Below are records to transcribe in full and unchanged; omit every picture.

Images for object localization
____________
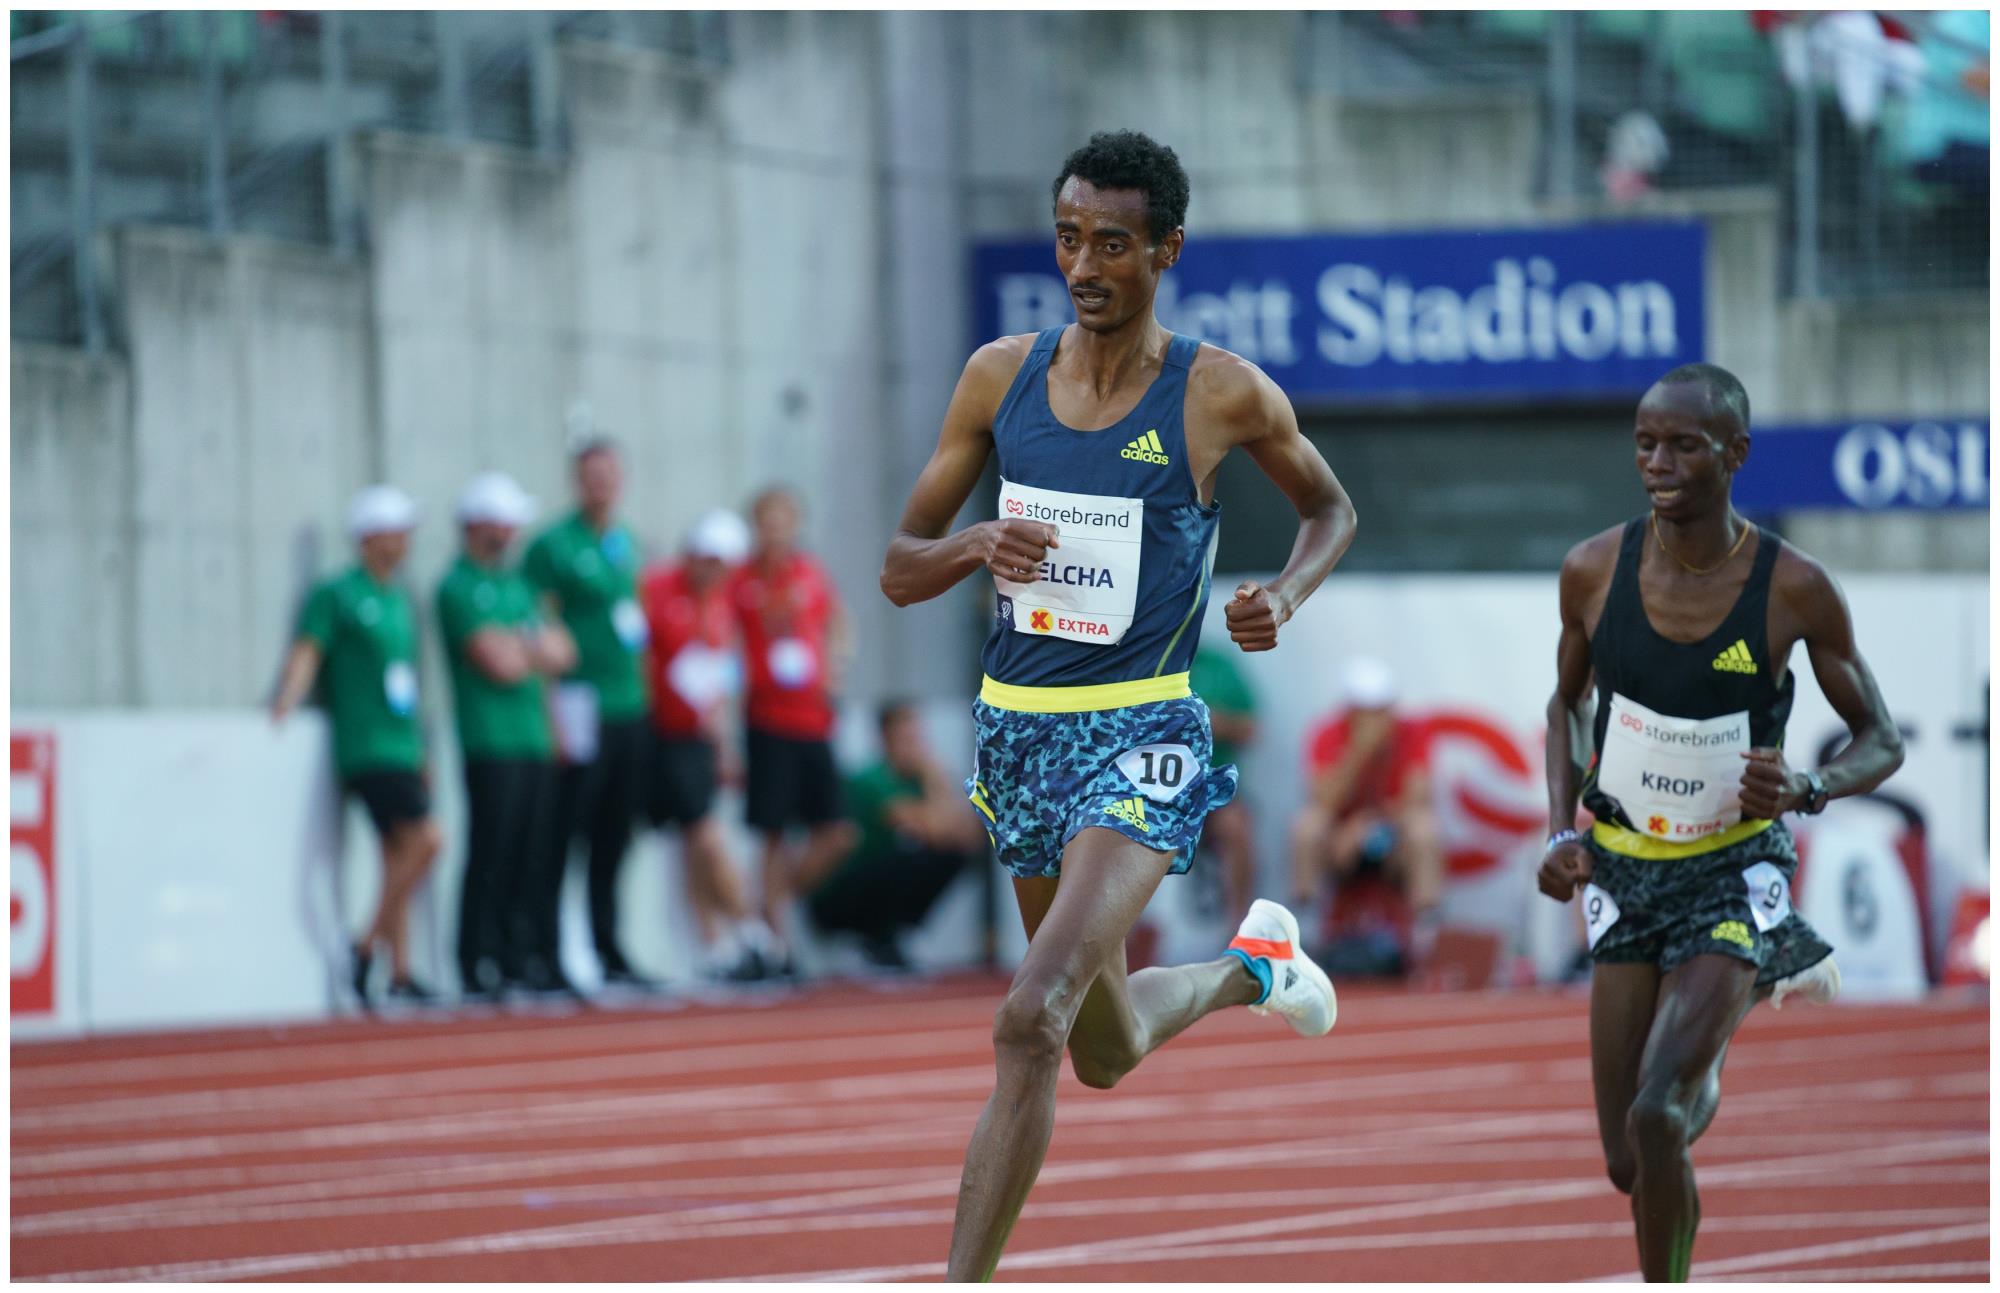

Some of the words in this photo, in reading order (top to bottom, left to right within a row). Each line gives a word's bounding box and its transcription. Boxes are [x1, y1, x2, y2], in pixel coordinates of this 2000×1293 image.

[1316, 257, 1680, 368] Stadion
[1120, 447, 1169, 466] adidas
[1026, 502, 1130, 528] storebrand
[1039, 561, 1114, 589] ELCHA
[1058, 617, 1110, 636] EXTRA
[1712, 657, 1757, 675] adidas
[1644, 724, 1741, 747] storebrand
[1138, 752, 1184, 788] 10
[1641, 770, 1705, 797] KROP
[1103, 805, 1150, 833] adidas
[1588, 896, 1602, 925] 9
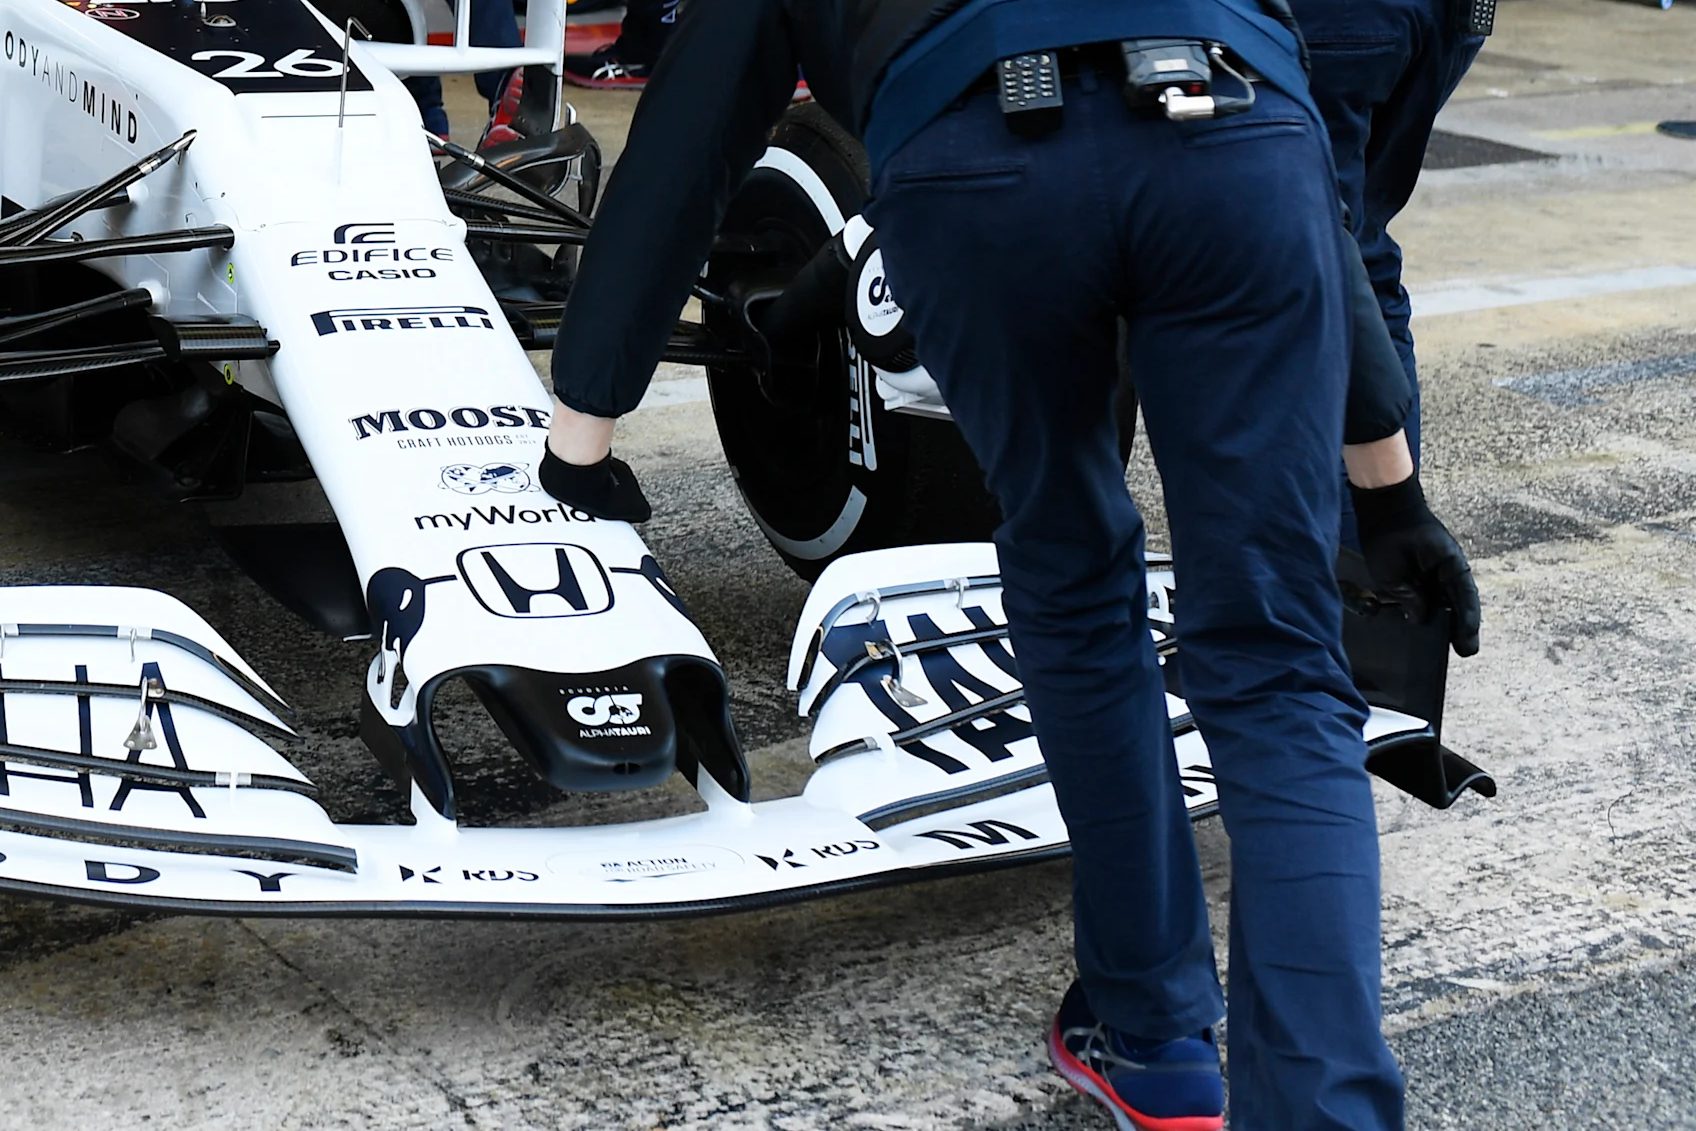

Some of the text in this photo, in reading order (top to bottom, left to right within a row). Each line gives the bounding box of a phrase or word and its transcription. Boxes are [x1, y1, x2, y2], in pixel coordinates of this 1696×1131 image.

[191, 48, 351, 78] 26
[290, 247, 454, 267] EDIFICE
[327, 268, 437, 281] CASIO
[310, 306, 494, 337] PIRELLI
[397, 434, 513, 450] CRAFT HOTDOGS
[579, 725, 652, 739] ALPHATAURI
[627, 857, 688, 867] ACTION
____________
* **Answer section**
Some of the words in this photo, in reading order (top to bottom, left to right within a row). Each line gives a word's bounding box and its transcription. Boxes are [x1, y1, x2, y2], in pixel coordinates of this 2000×1293 image.

[1316, 257, 1680, 368] Stadion
[1120, 447, 1169, 466] adidas
[1026, 502, 1130, 528] storebrand
[1039, 561, 1114, 589] ELCHA
[1058, 617, 1110, 636] EXTRA
[1712, 657, 1757, 675] adidas
[1644, 724, 1741, 747] storebrand
[1138, 752, 1184, 788] 10
[1641, 770, 1705, 797] KROP
[1103, 805, 1150, 833] adidas
[1588, 896, 1602, 925] 9

Some of the text in this photo, in reading order (top to bottom, left to right within a row). Each line gives the bounding box of a phrase or word and its transcription. Boxes are [x1, y1, x2, y2], in pixel coordinates of this 1696×1131 image.

[191, 48, 351, 78] 26
[290, 247, 454, 267] EDIFICE
[327, 268, 437, 281] CASIO
[310, 306, 494, 337] PIRELLI
[397, 434, 513, 450] CRAFT HOTDOGS
[579, 725, 652, 739] ALPHATAURI
[627, 857, 688, 867] ACTION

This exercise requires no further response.